Introduction

Many complex systems can be characterized by networks in which nodes represent the individuals and edges represent the interactions. Examples include citation networks1,2, communication networks3, transportation networks4, cyber networks5, financial networks6, just to name a few. The study of complex networks has therefore become a common focus of many branches of science. So far, great efforts have been made to understand and predict the evolution of networks. For instance, link prediction intends to identify which pair of nodes will be connected in the future7,8. Trend prediction aims at predicting the future degree of nodes2,9. However, most of the related works focus on the structural aspect of networks. Even though dynamical processes commonly take place in real networks10, the prediction of the evolution of dynamics on networks has been seriously overlooked.

Spreading is an important kind of dynamics which has been applied to model many real processes on network such as spreading of disease11,12,13,14, propagation of news and rumors15,16,17,18, cascading failure of power grid19 and so on. In this paper, we focus on predicting the evolution of spreading. Solving this problem is very meaningful from the practical point of view. In the context of disease spreading, one can immunize nodes and links in advance to prevent the virus from covering the whole network if the predicted coverage of the spreading is very wide13,20,21,22,23,24. On the other hand, the propagation of some important information can be accelerated by adding more spreading seeds beforehand if the predicted coverage of the propagation is very narrow25,26,27,28,29,30.

In the cases where prediction is needed, the known information of the spreading process is usually very limited, especially in the early stage of the spreading31,32. Similar to the ref. 33, we assume in this paper that only a snapshot of the spreading result is given. In the literature, the prediction of spreading is mostly based on the time series analysis34. The closest studies based on spreading snapshot are refs. 35, 36 where the observed snapshot is used to identify the initial spreader of a certain disease or information.

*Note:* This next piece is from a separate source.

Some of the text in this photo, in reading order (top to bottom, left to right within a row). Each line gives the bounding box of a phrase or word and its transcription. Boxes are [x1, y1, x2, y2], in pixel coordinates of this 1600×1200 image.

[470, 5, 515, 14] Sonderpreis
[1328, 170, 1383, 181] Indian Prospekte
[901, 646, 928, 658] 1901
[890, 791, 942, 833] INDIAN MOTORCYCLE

In the prediction of spreading, the essential problem is how to accurately estimate the infection probability from the observed snapshot. One can consider the most straightforward method in which the infection probability is estimated based on each infected node i as μi = mi/Mi where mi and Mi are respectively the infected number and the total number of i's neighbors. By averaging μi over all the infected nodes in the network, one can estimate the infection probability of the spreading. This method is referred as the “benchmark” method in this paper. However, the benchmark method may lead to serious overestimation of the infection probability. As this method doesn't distinguish which node spreads the virus to the infected node, each infected node may be used more than once in μi = mi/Mi for different i (see the illustration in Fig. 1).

Figure 1
figure 1

A snapshot of the spreading result in a toy network.

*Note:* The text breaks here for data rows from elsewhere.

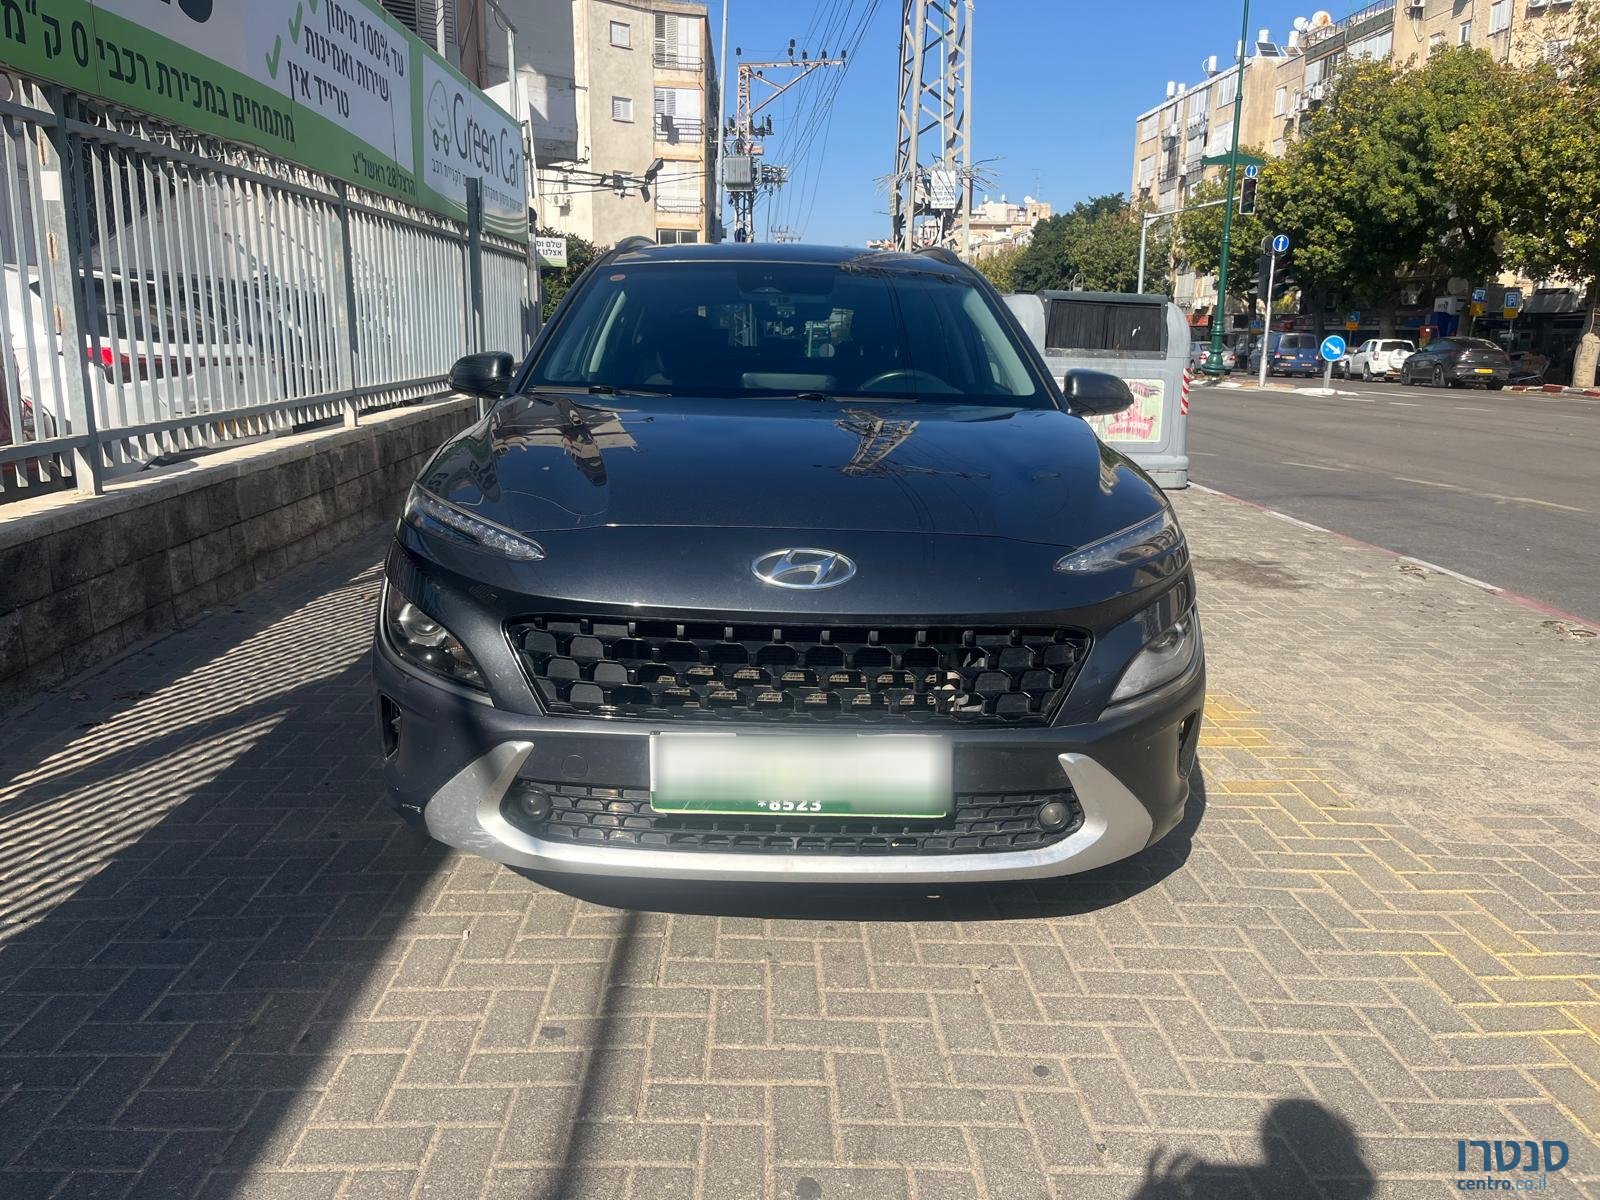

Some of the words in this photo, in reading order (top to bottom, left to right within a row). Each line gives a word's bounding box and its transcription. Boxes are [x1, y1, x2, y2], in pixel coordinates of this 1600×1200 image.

[71, 20, 89, 68] 0
[325, 0, 357, 45] מימון
[360, 20, 389, 68] 100%
[96, 37, 151, 90] רכבי
[304, 25, 354, 82] ואמינות
[390, 47, 404, 77] עד
[156, 60, 229, 119] במכירת
[287, 60, 311, 101] אין
[313, 75, 350, 119] טרייד
[356, 59, 389, 102] שירות
[232, 91, 296, 143] מתמחים
[453, 92, 499, 178] Green
[500, 127, 520, 190] Car
[386, 165, 397, 189] 28
[397, 168, 416, 197] הרצל
[431, 157, 443, 176] רכב
[542, 248, 563, 257] אצלנו
[545, 240, 562, 249] שלם
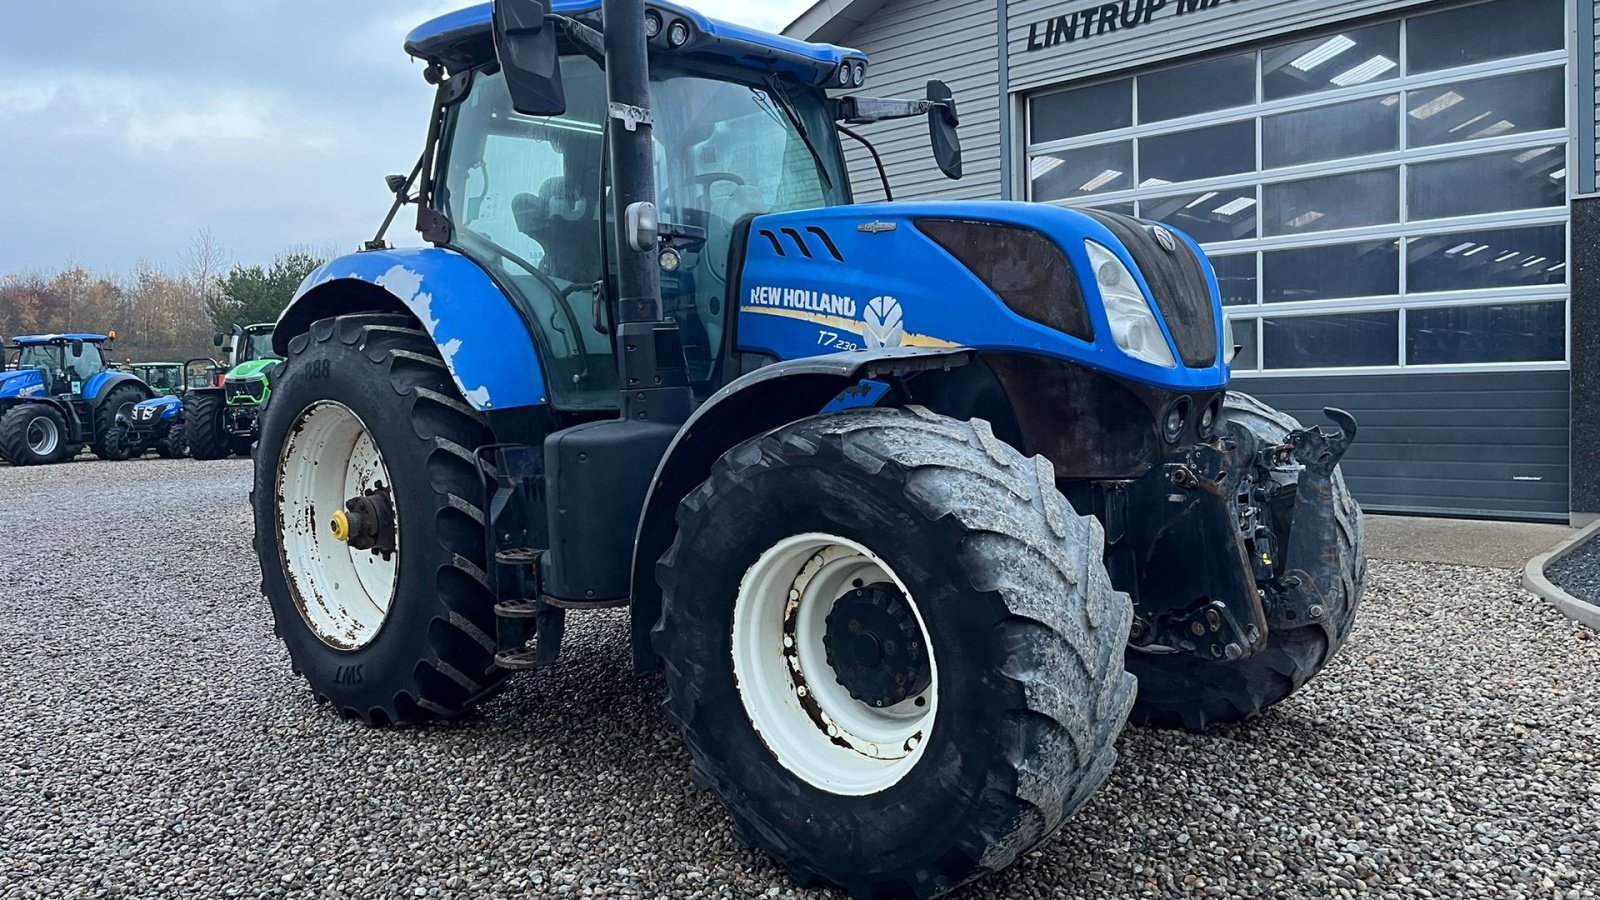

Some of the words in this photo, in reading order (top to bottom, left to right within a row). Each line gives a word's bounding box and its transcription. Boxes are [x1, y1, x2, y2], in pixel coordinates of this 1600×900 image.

[1027, 0, 1167, 51] LINTRUP
[750, 286, 782, 306] NEW
[783, 288, 857, 317] HOLLAND

The blue nodes are susceptible (marked by S), yellow nodes are infected (marked by I) and pink nodes are recovered (marked by R). Since each node inside the shade ellipse is connecting to two R nodes, one cannot distinguish which R node actually infected these two I nodes in the previous step. In the benchmark method, these two I nodes will be used when estimating the infection probability based on each R node, which finally leads to an overestimation of the infection probability.

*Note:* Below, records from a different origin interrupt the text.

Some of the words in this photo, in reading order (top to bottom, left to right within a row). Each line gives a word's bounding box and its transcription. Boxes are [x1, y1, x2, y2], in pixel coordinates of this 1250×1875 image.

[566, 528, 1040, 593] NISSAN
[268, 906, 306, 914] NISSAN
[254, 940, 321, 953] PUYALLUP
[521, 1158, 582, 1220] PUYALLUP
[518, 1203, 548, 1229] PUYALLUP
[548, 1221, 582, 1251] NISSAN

To solve this problem, we develop an iterative algorithm for estimating the infection probability (IAIP for short) in which the problem of multiple use of the infected nodes is avoided. We validate the IAIP by simulating the Susceptible-Infected-Removed (SIR) model37 in both artificial and real networks. The results show that our method can significantly outperform the benchmark method. Moreover, we study the case in which the iterative process is removed from our method (denoted as IAIP0). The results show that IAIP0 performs much less effectively than IAIP, indicating the crucial role of the iterative process. When the obtained infection probability is used in predicting the future spreading coverage, a much more accurate prediction can be achieved by using IAIP.

Results

We consider a network with N nodes and E links. The network is represented by an adjacency matrix A, where Aij = 1 if there is a link between node i and j and Aij = 0 otherwise. To simulate the spreading process on networks, we employ the Susceptible-Infected-Removed (SIR) model37. In a network, we randomly select one node as the initial spreader. The virus from this node will infect each of this node's susceptible neighbors with probability μ, namely the infection probability. After infecting neighbors, the node will immediately become recovered (i.e., the recovering probability is 1). The new infected nodes in next step will infect their neighbors as the initial node. The spreading will be ended when there is no more infected node in the network. If it is not specially stated, we take the snapshot after five steps of spreading from the initial node as the known information.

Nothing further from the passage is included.